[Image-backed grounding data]
== Segment start ==

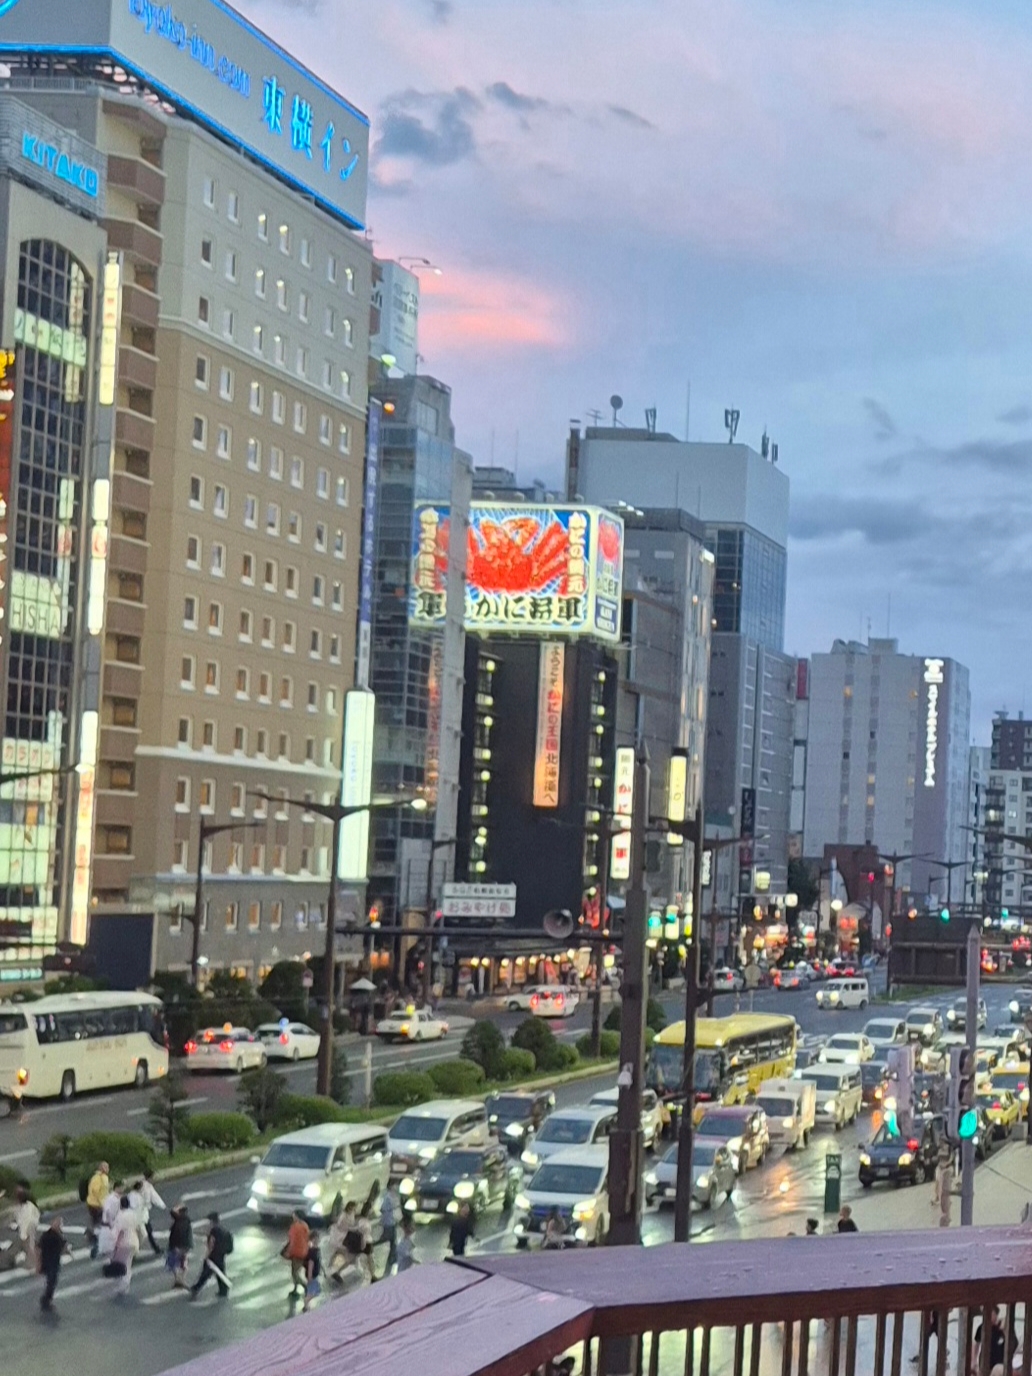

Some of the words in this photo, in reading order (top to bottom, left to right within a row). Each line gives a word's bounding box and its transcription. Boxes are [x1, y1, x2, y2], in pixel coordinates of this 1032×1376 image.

[262, 76, 358, 181] 東横イン
[476, 595, 582, 621] かに将軍
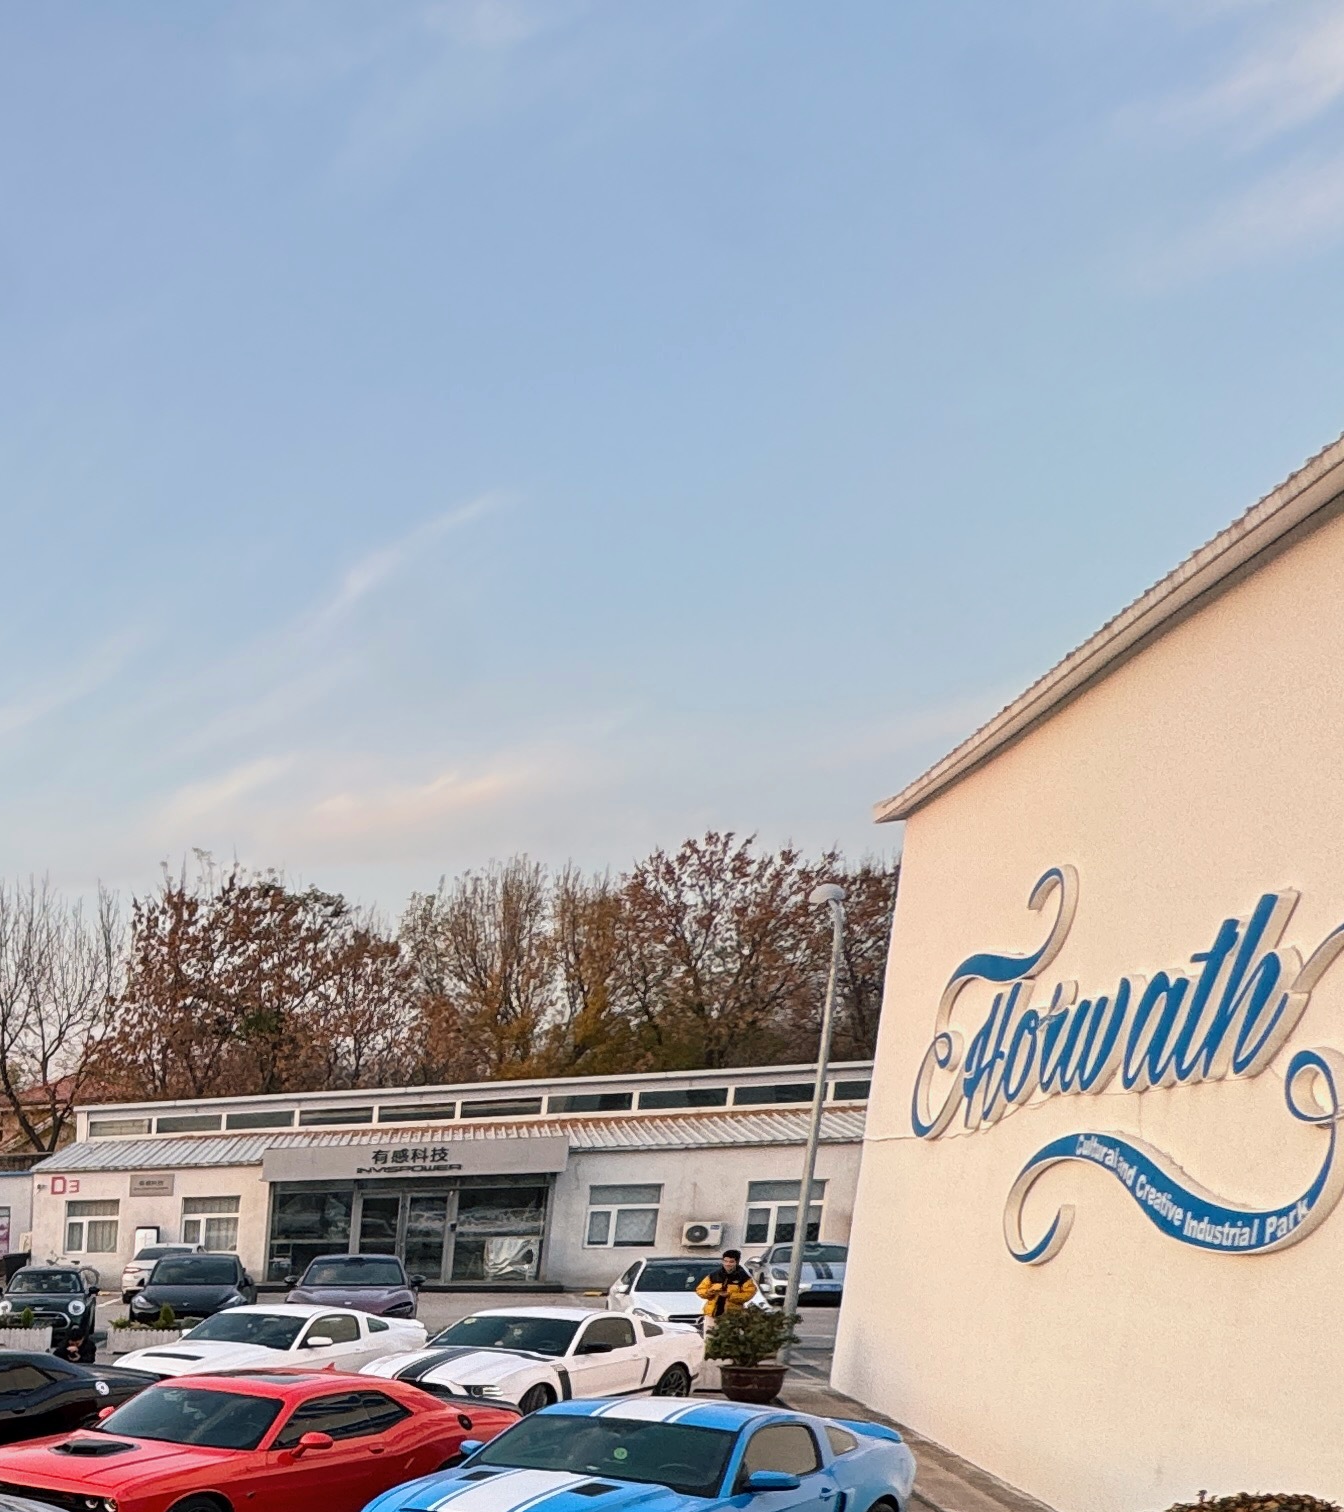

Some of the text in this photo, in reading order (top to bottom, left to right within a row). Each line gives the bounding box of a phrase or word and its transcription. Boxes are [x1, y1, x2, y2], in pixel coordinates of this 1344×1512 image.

[372, 1147, 449, 1164] 有感科技
[1075, 1134, 1120, 1169] Cultural
[1135, 1175, 1184, 1226] Creative
[1183, 1211, 1259, 1247] Industrial
[1264, 1198, 1312, 1244] Park

== Segment end ==

## What is needed
Could you repeat all of the entries exactly, without any of the images?

## Solution to this problem
Some of the words in this photo, in reading order (top to bottom, left to right within a row). Each line gives a word's bounding box and its transcription. Boxes are [x1, y1, x2, y2], in pixel coordinates of this 1032×1376 image.

[262, 76, 358, 181] 東横イン
[476, 595, 582, 621] かに将軍

Some of the text in this photo, in reading order (top to bottom, left to right within a row). Each line gives the bounding box of a phrase or word and its transcription. Boxes are [x1, y1, x2, y2], in pixel coordinates of this 1344×1512 image.

[372, 1147, 449, 1164] 有感科技
[1075, 1134, 1120, 1169] Cultural
[1135, 1175, 1184, 1226] Creative
[1183, 1211, 1259, 1247] Industrial
[1264, 1198, 1312, 1244] Park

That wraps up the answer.